Worst thing they can do is cook ya and eat ya

  Re: Engineer Square needed by bline22 (Hello, Basic/new ...)
I keep a pair of inexpensive engineer squares just to check my combo squares as well as a few other uses. I recall mine came from Grizzly, but that was quite a few years ago; so I guess I think that set will do just fine for you. One other pitch, Steve N linked the Epstein site, they have really good stuff and great some adjustable squares (take your pick) from them would be a good thing.
I started with absolutely nothing. Now, thanks to years of hard work, careful planning, and perseverance, I find I still have most of it left.
  Re: Engineer Square needed by bline22 (Hello, Basic/new ...)
Those squares are plenty good enough as they come from Grizzly. Be aware though, that if you drop one they may not Stay square. I have no idea of the rigidity of the blade holder connection, but I would keep at least one in a safe place (unused) just to check the other squares against occasionally. Nothing worse than finding out you have made a bunch of marks and cuts and then finding out the measurement system you used was flawed.

I miss nested quotes..........
  Re: Engineer Square needed by bline22 (Hello, Basic/new ...)
Any decent square will specify the tolerance, usually in thousandths of inch / inch. Grizzly generally has mediocre quality equipment and the lack of tolerance information should be an indicator of this.
Cellulose runs through my veins!
  Re: Engineer Square needed by bline22 (Hello, Basic/new ...)
WOW everyone thanks for the quick and numerous responses and opinions and I think i will give the set a try.   Seems like a reasonable entry unit and can try this among some of the other suggestion to better figure out where this issue is presenting itself.  

Thanks again.
  Re: Engineer Square needed by bline22 (Hello, Basic/new ...)
These are also one of the Harbor Freight "gems".
They told me anybody could do it, but I showed them.
  Re: Engineer Square needed by bline22 (Hello, Basic/new ...)
I have that same set of engineer squares for about 15 years. Good quality, accurate , price is right.
As others said a bevel square is a good tool to transfer angles. The angle can be gotten many ways, plastic protractor, printed paper from a website, or I use the miter saw set to the angle and then adjust a bevel square to it.
  Re: Engineer Square needed by bline22 (Hello, Basic/new ...)
I’d go with the double squares from PEC. I don’t remember the site but you can get them slightly blemished for very good prices. I got a 4” and a 6” for less than $40. Aside from that, I like my Milwaukee speed square and the plastic triangles.
  Re: RE: Engineer Square needed by JGrout (The way your questio...)
(04-24-2017, 02:38 PM)JGrout Wrote: The way your questions are posed it appears you have a non perpendicular blade which the squares shown would assist in for that. 

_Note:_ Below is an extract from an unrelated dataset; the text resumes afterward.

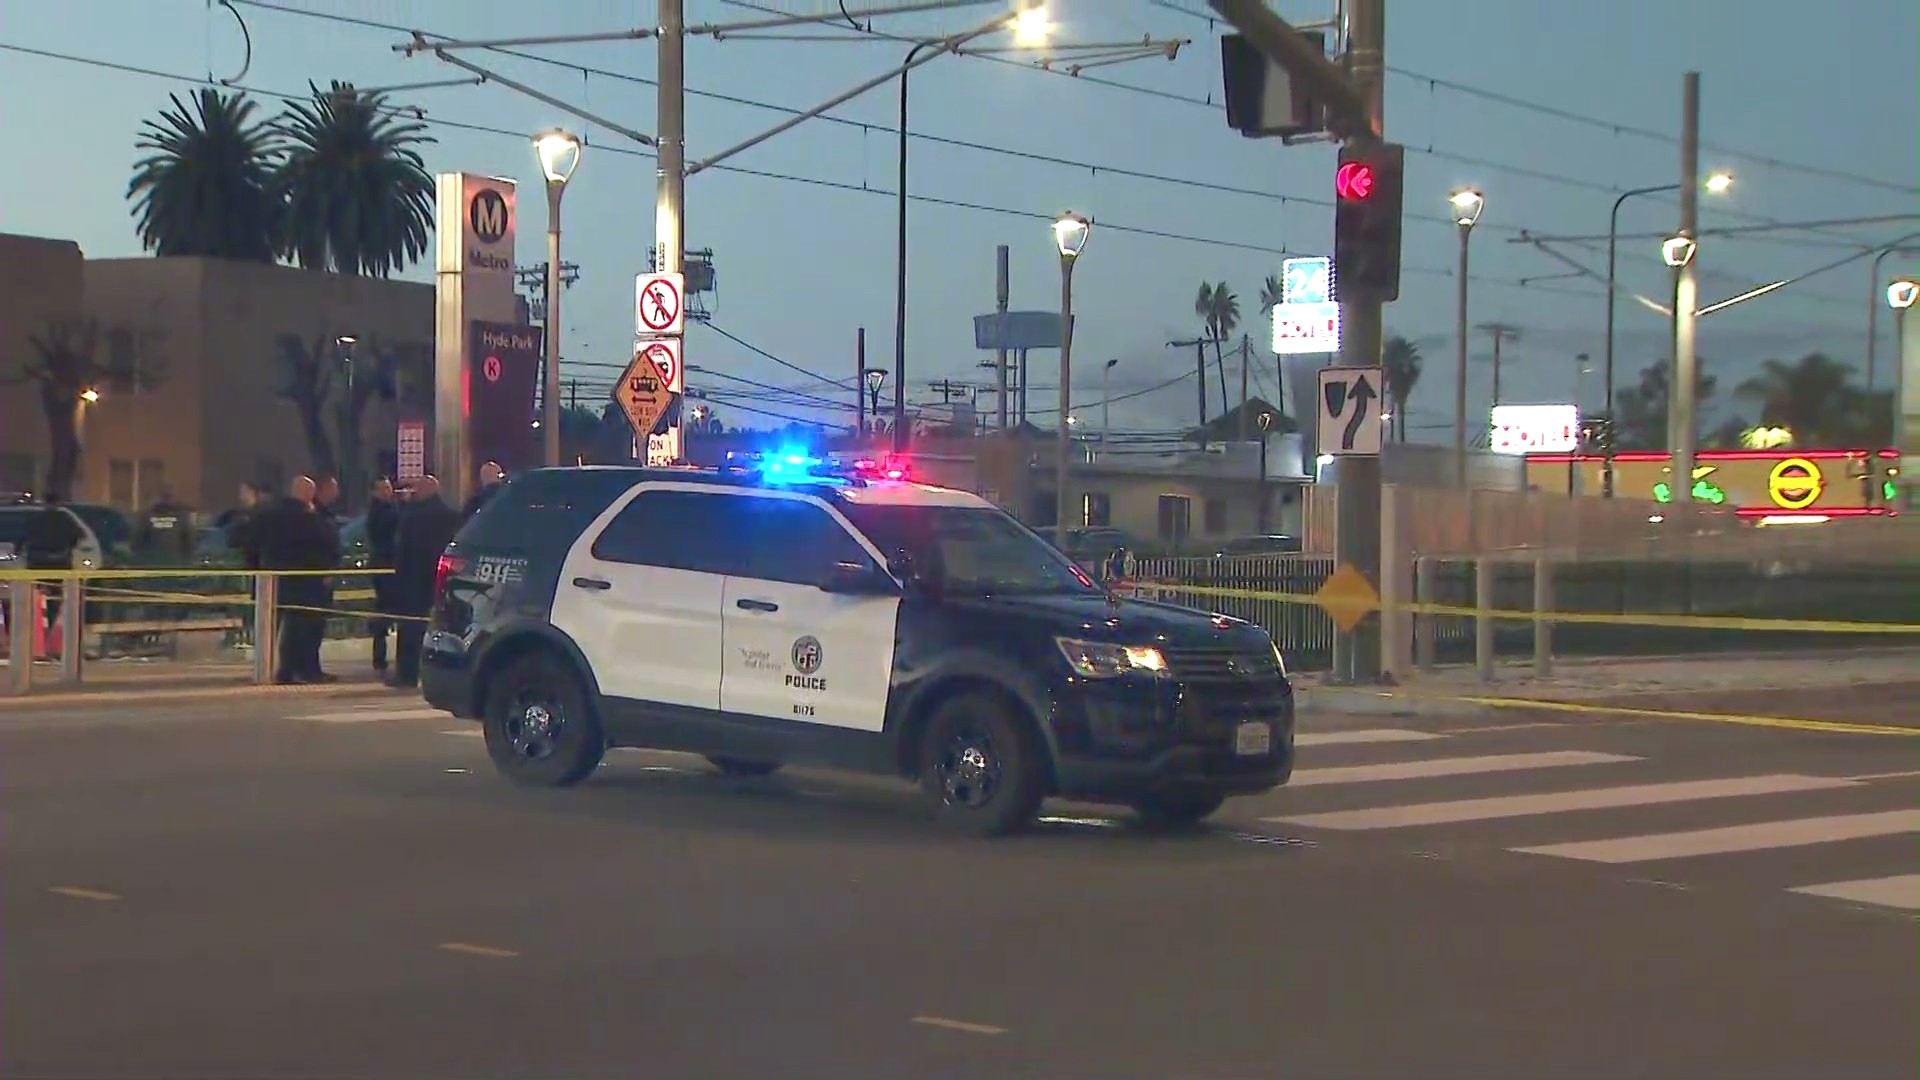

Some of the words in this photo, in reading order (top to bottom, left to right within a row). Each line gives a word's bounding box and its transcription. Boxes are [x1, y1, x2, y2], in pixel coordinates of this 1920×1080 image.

you also state you think the fence is out which is an entirely different issue. To rectify that you need to determine that the saw carriage is parallel to the table saw slots then you can reset your fence parallel to the slot for a parallel cut. 

Several of us here use a .05 brass screw into the end grain of a scrap of wood attached to the miter gauge (clamped) to determine the error ( if any ) of the top to the blade. by setting the wood and the screw next to a tooth at the start of the cut then rotating the same tooth to the back and sliding the stick still clamped to the miter gauge to the back to figure out the amount the blade is not aligned with the miter slot. 

This is a perfectly satisfactory way to accomplish the task and it costs about .05 to do. The hard part s not as simple on a lot of cheaper saws, but you can accomplish it most of the time. 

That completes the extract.